Emile Ajar, Gros-Câlin 1977.

  • La vie devant soi (prix Goncourt.)(1975)

Le narrateur, Mohammed, dit Momo, est un jeune Maghrébin qui est le fils d’une femme qui «se défend» quelque part sur un trottoir. Il a été confié, avec d’autres enfants de prostituées, à une ancienne du métier, Madame Rosa, monumentale matrone empaquetée de peignors mauves et d’écharpes à ramages, trônant, avec des coquetteries de nounou, parmi ses bijoux en toc et ses chocolats fourrés. Momo la décrit ainsi : «Elle avait plus de fesses et de seins que n’importe qui […] Elle était si triste qu’on ne voyait même plus qu’elle était moche.» Dans son appartement de Belleville, refuge d’immigrants de toutes origines, Arabes, Noirs et juifs, Momo brandissant son «droit sacré des peuples à disposer d’eux-mêmes», elle remâche sa gloire d’ex-tapineuse mais continue aussi, sortant de ses tiroirs de «faux papiers en règle», à vivre dans la hantise des malheurs qu’elle a subis pendant la guerre en tant que juive, rescapée d’Auschwitz. Mais Momo la soulage de sa décrépitude et de sa peur de la mort.
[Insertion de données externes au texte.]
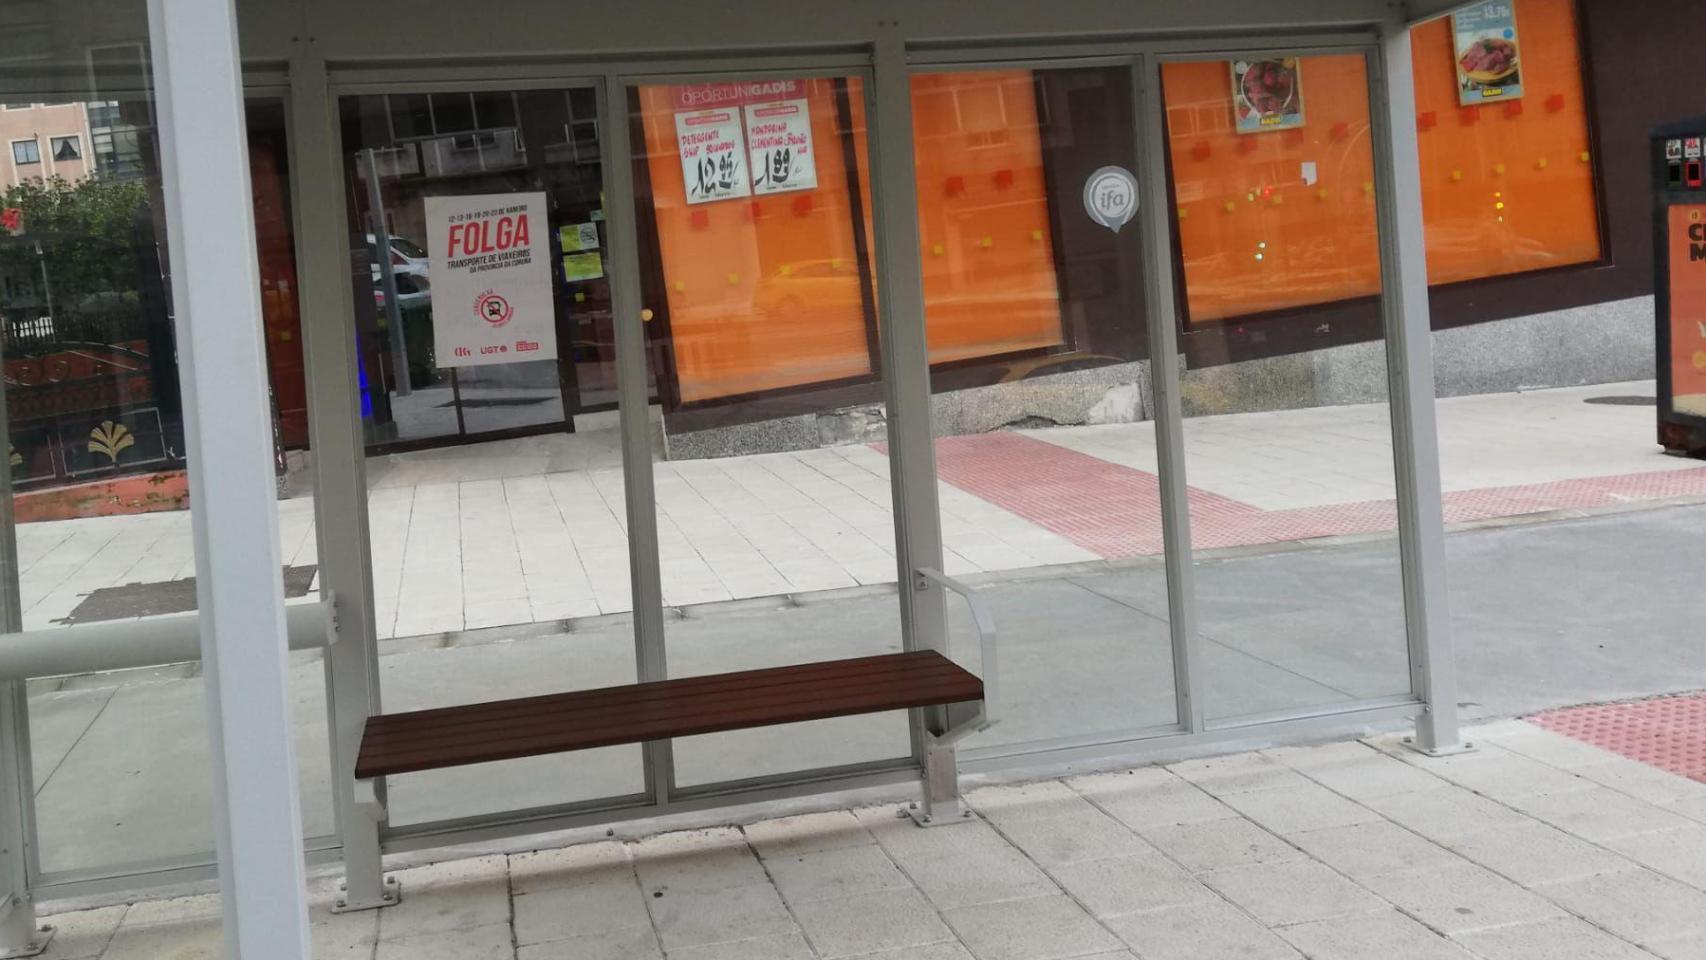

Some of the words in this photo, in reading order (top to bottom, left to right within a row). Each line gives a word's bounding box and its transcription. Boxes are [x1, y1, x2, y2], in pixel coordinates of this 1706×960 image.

Emile Ajar , La vie devant soi 1975.

Emile Ajar , La vie devant soi 1975.

  • L’angoisse du roi Salomon.(1979)

Jeannot, chauffeur de taxi et autres petits boulots, rencontre un jour un très vieux monsieur : Solomon Rubinstein, Esq., roi du pantalon (tel qu’inscrit sur sa carte d’affaire), qui est aussi et surtout à la tête de S.O.S. Bénévoles. Commence alors une curieuse amitié entre deux angoissés : le vieil homme en fin de parcours et le jeune qui a la vie devant lui. Salomon, qui a l’intention de vivre vieux, « qu’on se le tienne pour dit », et dont le pouvoir de persuasion est tel qu’il a « même réussi à empêcher une fille de se suicider, en lui prouvant que ce serait encore pire après », va retrouver son amour de jeunesse, mademoiselle Cora. La chanteuse réaliste qui, comme le dit Jeannot, n’a pas donné son accord pour avoir l’âge que la vie lui donne, va s’amouracher du jeunot avant que de retrouver Salomon.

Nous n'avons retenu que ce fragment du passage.